Un autre aspect de la figure de saint Joseph peut nourrir notre méditation en ce jour. Joseph, bien qu’il soit aussi un artisan certainement pas paresseux, est celui qui semble faire davantage quand il dort que pendant ses journées. L’Evangile selon saint Matthieu mentionne le songe pendant lequel Joseph reçoit de l’ange le conseil de ne pas avoir peur. Il peut sans crainte prendre chez lui Marie son épouse. Puis, après la visite des mages, il est averti en songe de la menace d’Hérode et il fuit en Egypte. Enfin, après la mort d’Hérode, il sait aussi par le moyen d’un songe qu’il peut revenir en terre d’Israël. Un quatrième rêve le conduira à éviter la Judée et s’installer à Nazareth. Cela dit, chaque rêve de Joseph conduit à une action. Mais il n’agit pas en aveugle, il se laisse guider par Dieu à travers ces songes. Cela nous ramène à un autre titre de saint Joseph : Joseph, patron de la vie intérieure. Pendant que nos soignants et quelques autres sont très sollicités, beaucoup d’entre nous se trouvent peut-être désœuvrés ou reclus, poussés au silence et à une certaine improductivité. Alors, penser aux songes de Joseph peut nous inspirer.

Il est important de déposer devant le Seigneur notre manière de vivre ce temps très particulier, cette sorte de « fuite en Egypte » d’un genre spécial que nous imposent les mesures sanitaires actuelles. Cette expérience, avec la grâce de Dieu, peut nous enseigner beaucoup sur nous-mêmes, sur la qualité de notre vie intérieure. Peut-être sommes-nous angoissés de ne rien produire, ou contents de nous reposer un peu ou tristes et médusés de penser à tous ces morts, à ces malades, aux conséquences économiques et sociales de la crise… tout cela, le Seigneur attend que nous le lui offrions, comme l’a fait saint Joseph dans chaque situation de sa vie.

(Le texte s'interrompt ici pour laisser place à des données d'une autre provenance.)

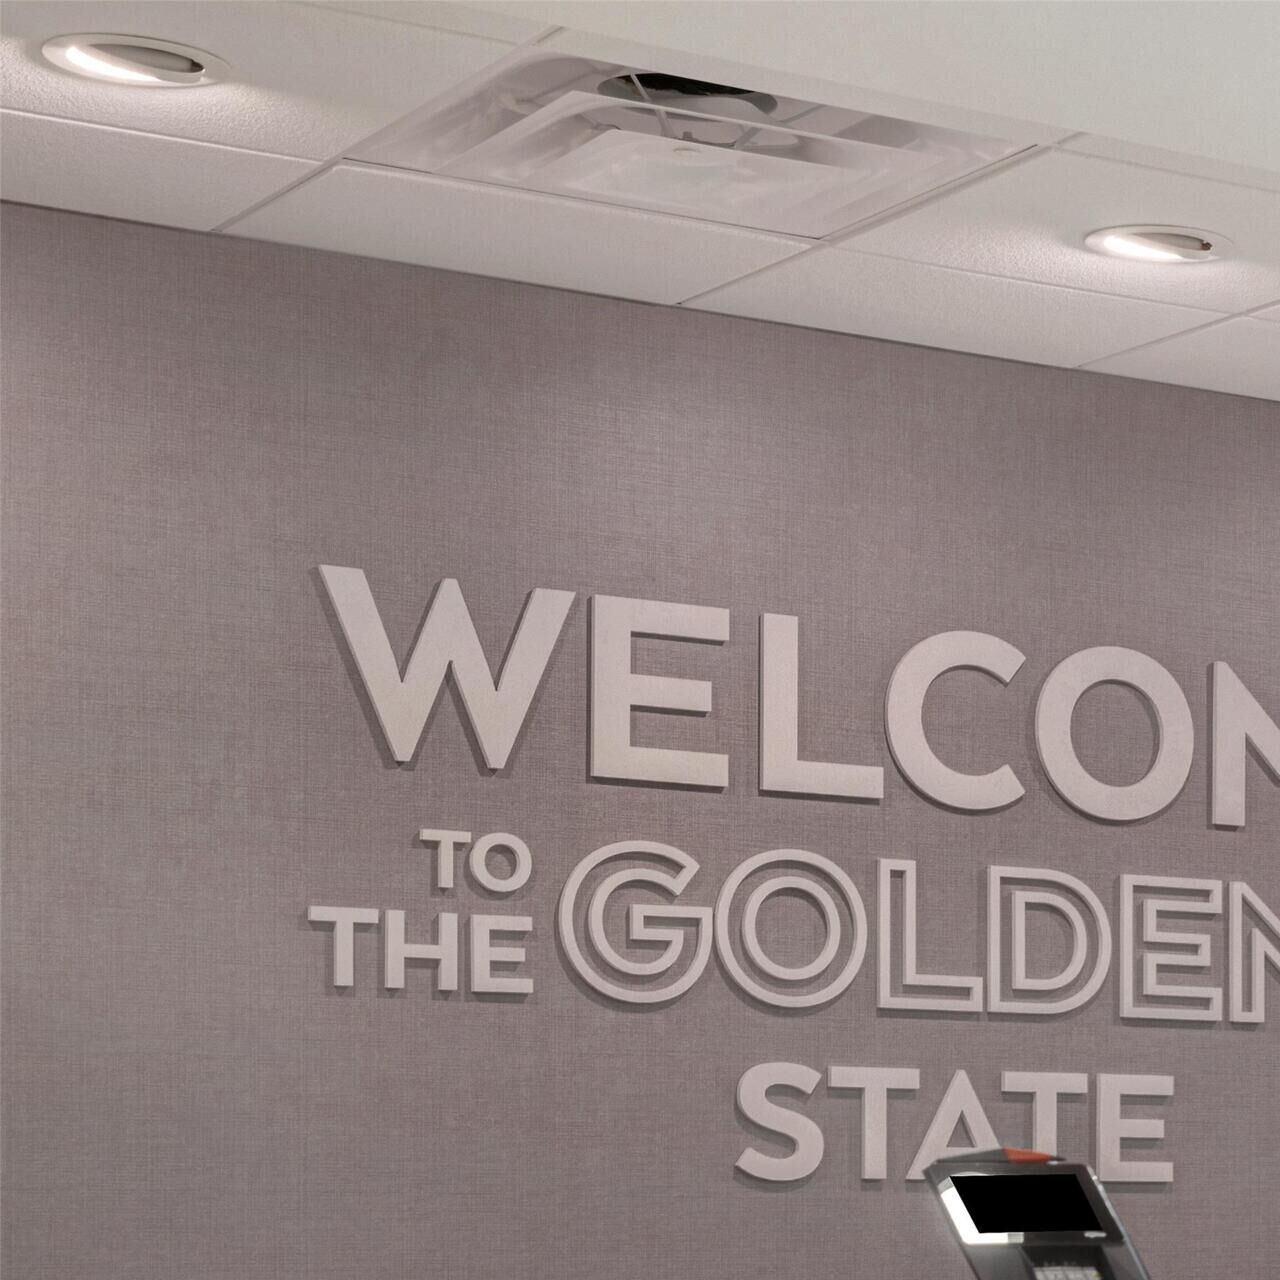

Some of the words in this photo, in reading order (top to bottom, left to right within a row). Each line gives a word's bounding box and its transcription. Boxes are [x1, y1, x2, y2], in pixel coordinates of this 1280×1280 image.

Surtout, ce qu’il faudrait éviter, c’est de n’utiliser notre temps réorganisé que pour des distractions ou une agitation propre à étouffer l’intériorisation qui nous est offerte. Il est essentiel également en famille ou vis-à-vis des personnes que nous accompagnons, de ne pas se limiter à des considérations extérieures, aux angoisses matérielles du manger, du boire et du porte-monnaie. Aussi importantes que soient ces réalités, se présente à nous une opportunité pour redécouvrir notre intériorité qu’il ne faut pas laisser passer. Intérioriser ce qui nous arrive est la condition sine qua non pour que cette crise favorise un changement radical de manière de vivre pour toute l’humanité. Sans intériorité, les volontés de changement resteront comme toujours des vœux pieux sans force et sans effet significatif.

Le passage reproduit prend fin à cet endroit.